Next Article in Journal
Abrupt High PM Concentration in an Urban Calm Cavity Generated by Internal Gravity Waves and a Shallow Coastal Atmospheric Boundary Layer with the Influence of the Yellow Dust from China
Previous Article in Journal
Learning Lightweight and Superior Detectors with Feature Distillation for Onboard Remote Sensing Object Detection
 
 
Article
Peer-Review Record

MDCT: Multi-Kernel Dilated Convolution and Transformer for One-Stage Object Detection of Remote Sensing Images

Remote Sens. 2023, 15(2), 371; https://doi.org/10.3390/rs15020371
by Juanjuan Chen 1, Hansheng Hong 2, Bin Song 1,*, Jie Guo 1, Chen Chen 1 and Junjie Xu 1
Reviewer 1:
Reviewer 2: Anonymous
Reviewer 3: Anonymous
Reviewer 4: Anonymous
Reviewer 5:
Remote Sens. 2023, 15(2), 371; https://doi.org/10.3390/rs15020371
Submission received: 8 December 2022 / Revised: 4 January 2023 / Accepted: 4 January 2023 / Published: 7 January 2023
(This article belongs to the Section AI Remote Sensing)

Round 1

Reviewer 1 Report

This paper proposed a object detection method for remote sensing images using MDCT.  The algorithms are descripted clearly and the experiments on three datasets prove the efficiency. Some  improvements should be given in  the experiments' explanation, please explain clearly the three detection accuracies in Abstract are obtained by comparing which known method, or they are average improvement rates.

Author Response

Please see the attachment

Author Response File: Author Response.pdf

Reviewer 2 Report

This paper proposes an RSI detection model based on YOLO for small remote sensing object detection and remote sensing object detection in complex scenes. The main components of the proposed method are a super-resolution module and a transformer encoder. The super-resolution module is developed for learning different scale features of objects. The Transformer encoder is proposed to enhance the recognition ability of the model. Extensive experiments are performed on DIOR, DOTA, and NWPU VHR-10 datasets. The proposed model achieves promising results. However, some concerns should be resolved.

 

1. Motivation is not clear. The authors just list the recent works one by one and do not summarize them. Thus, we can not learn the drawbacks of current works and obtain the motivation of the design model. Besides, the super-resolution module and transformer encoder are not novel technologies. Dilated convolutions with different dilated rates are widely used for extracting different scale features. The transformer model is good at global information learning. However, the authors just combine them into the YOLO model, which generates limited contributions to the RSI object field. Please reorganize the illustrations of the introduction, clarify the motivation, and highlight the contributions of the proposed method.

 

2. The names of key components in this paper are not appropriate. Firstly, the name "super-resolution module" confuses me. Generally speaking, super-resolution means that the method increases the spatial resolution of the input feature or image.
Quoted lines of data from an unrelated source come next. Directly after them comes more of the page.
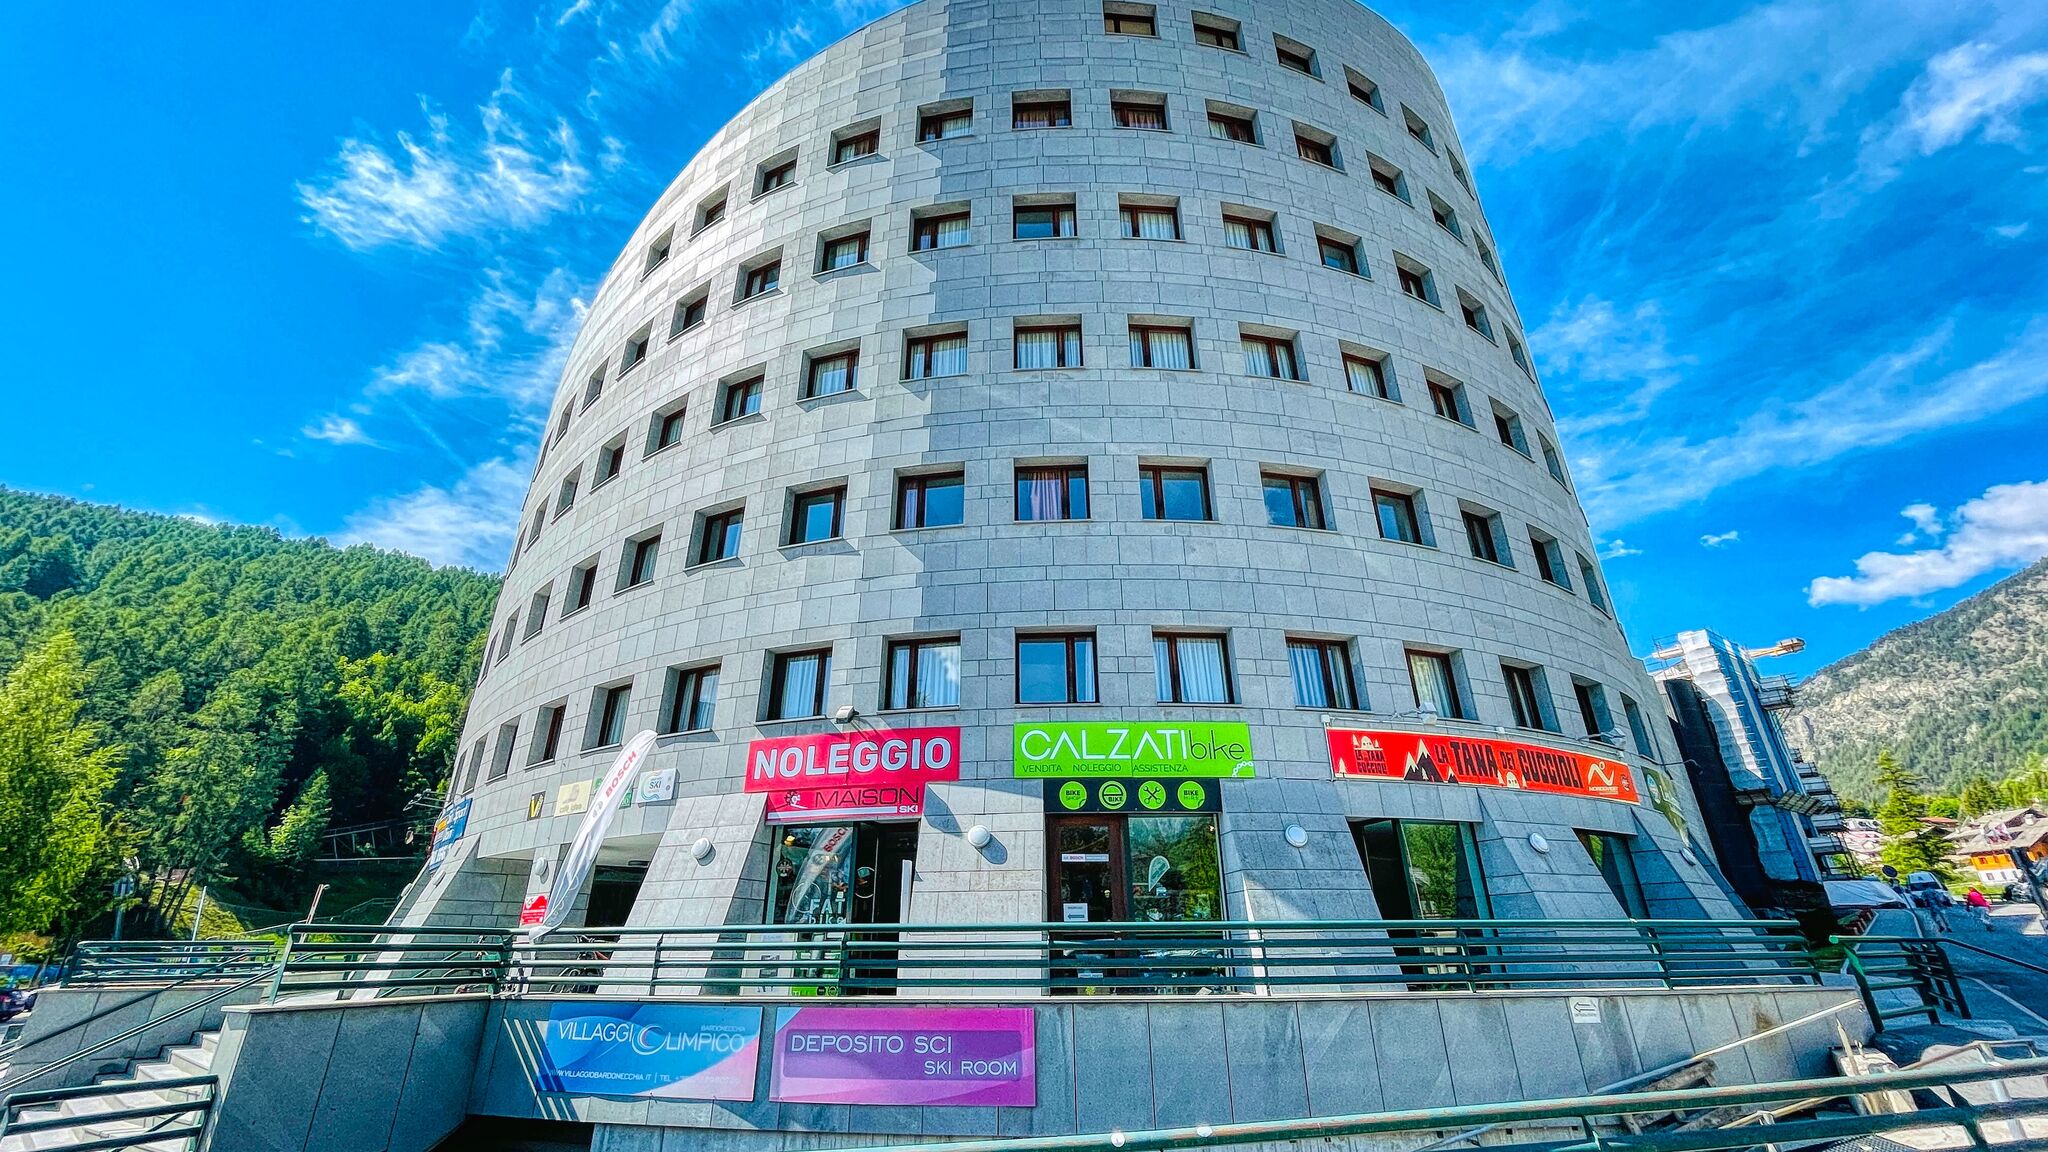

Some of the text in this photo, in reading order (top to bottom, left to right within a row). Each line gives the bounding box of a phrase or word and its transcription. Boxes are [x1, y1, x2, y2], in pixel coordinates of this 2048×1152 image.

[753, 737, 952, 780] NOLEGGIO
[1434, 742, 1584, 788] LA TANA DEI CUCCIOLI
[605, 751, 637, 798] BOSCH
[1022, 763, 1188, 773] VENDITA NOLEGGIO ASSISTENZA
[649, 780, 662, 790] SKI
[815, 786, 919, 808] MAISON
[899, 804, 919, 814] SKI
[810, 898, 846, 914] FAT
[791, 1034, 952, 1054] DEPOSITO SCI
[924, 1060, 1017, 1076] SKI ROOM
[659, 1074, 672, 1082] TEL
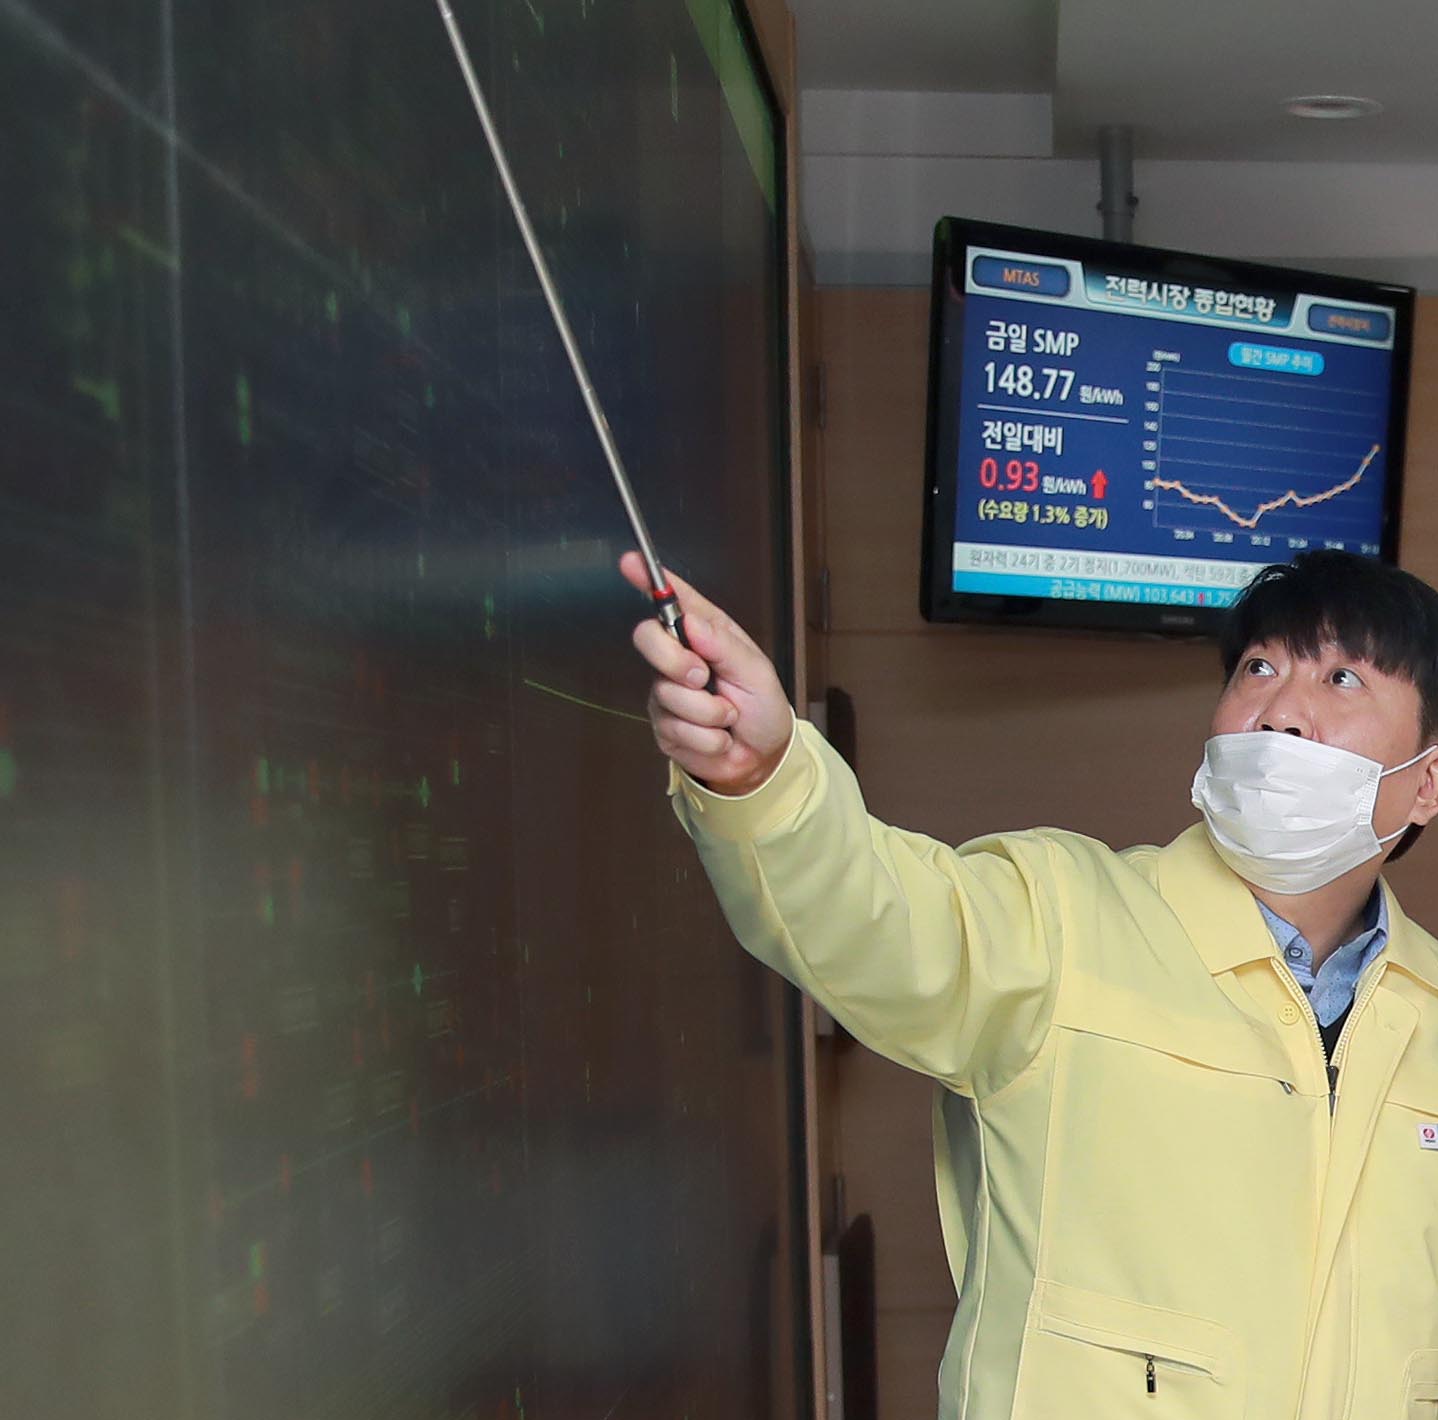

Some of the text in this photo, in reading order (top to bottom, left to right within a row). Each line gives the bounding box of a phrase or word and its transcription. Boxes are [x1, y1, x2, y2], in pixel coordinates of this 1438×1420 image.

[1002, 267, 1040, 287] MTAS
[1105, 274, 1277, 323] 전력시장 종합현황
[985, 320, 1080, 356] 금일 SMP
[1265, 352, 1289, 367] SMP
[984, 360, 1125, 406] 148.77 원/kWh
[981, 420, 1064, 456] 전일대비
[979, 457, 1087, 496] 0.93 원/kWh
[977, 498, 1109, 530] (수요량 1.3% 증가)
However, the "super-resolution module" in this paper just enhances the feature representation with different scale features. The spatial resolutions are not changed. Besides, the transformer encoder usually includes more transformer blocks. The authors just leverage a transformer block to obtain global information. Thus, the "transformer encoder" named "transformer block" is more appropriate.

 

3. The proposed method is built on the YOLO known for high inference speed, but there is no comparison of inference time in the current version. 

 

4. Context information in RSI is widely used in remote sensing analysis as well as other relevant vision tasks. However, the paper lacks a comprehensive review of the literature. In particular, several relevant works should be discussed, such as, Contextual Transformation Network for Lightweight Remote Sensing Image Super-Resolution, Volumetric memory network for interactive medical image segmentation and Matnet: Motion-attentive transition network for zero-shot video object segmentation.

 

5. There are many typos in the current manuscript. Some of them are listed as follows:

1. A reference is missed in line 47 of page 2.

2.K^{\prime}_{2} is missed in the caption of Fig.2

3." where" should be at the top in line 214 of page 6.

4. The "equal sign" in Fig.3 is not appropriate

5. What's the meaning of using dash lines to represent "MLP" in Fig.4

6. Why does present "shortcut" fonts in Fig.5?

7. Each equation should end with a comma or period.

The authors should carefully proofread their manuscript and correct the above typos.

Author Response

Please see the attachment.

Author Response File: Author Response.pdf

Reviewer 3 Report

the author have done allot of work but the paper need some revision

the introduction section should be revised. 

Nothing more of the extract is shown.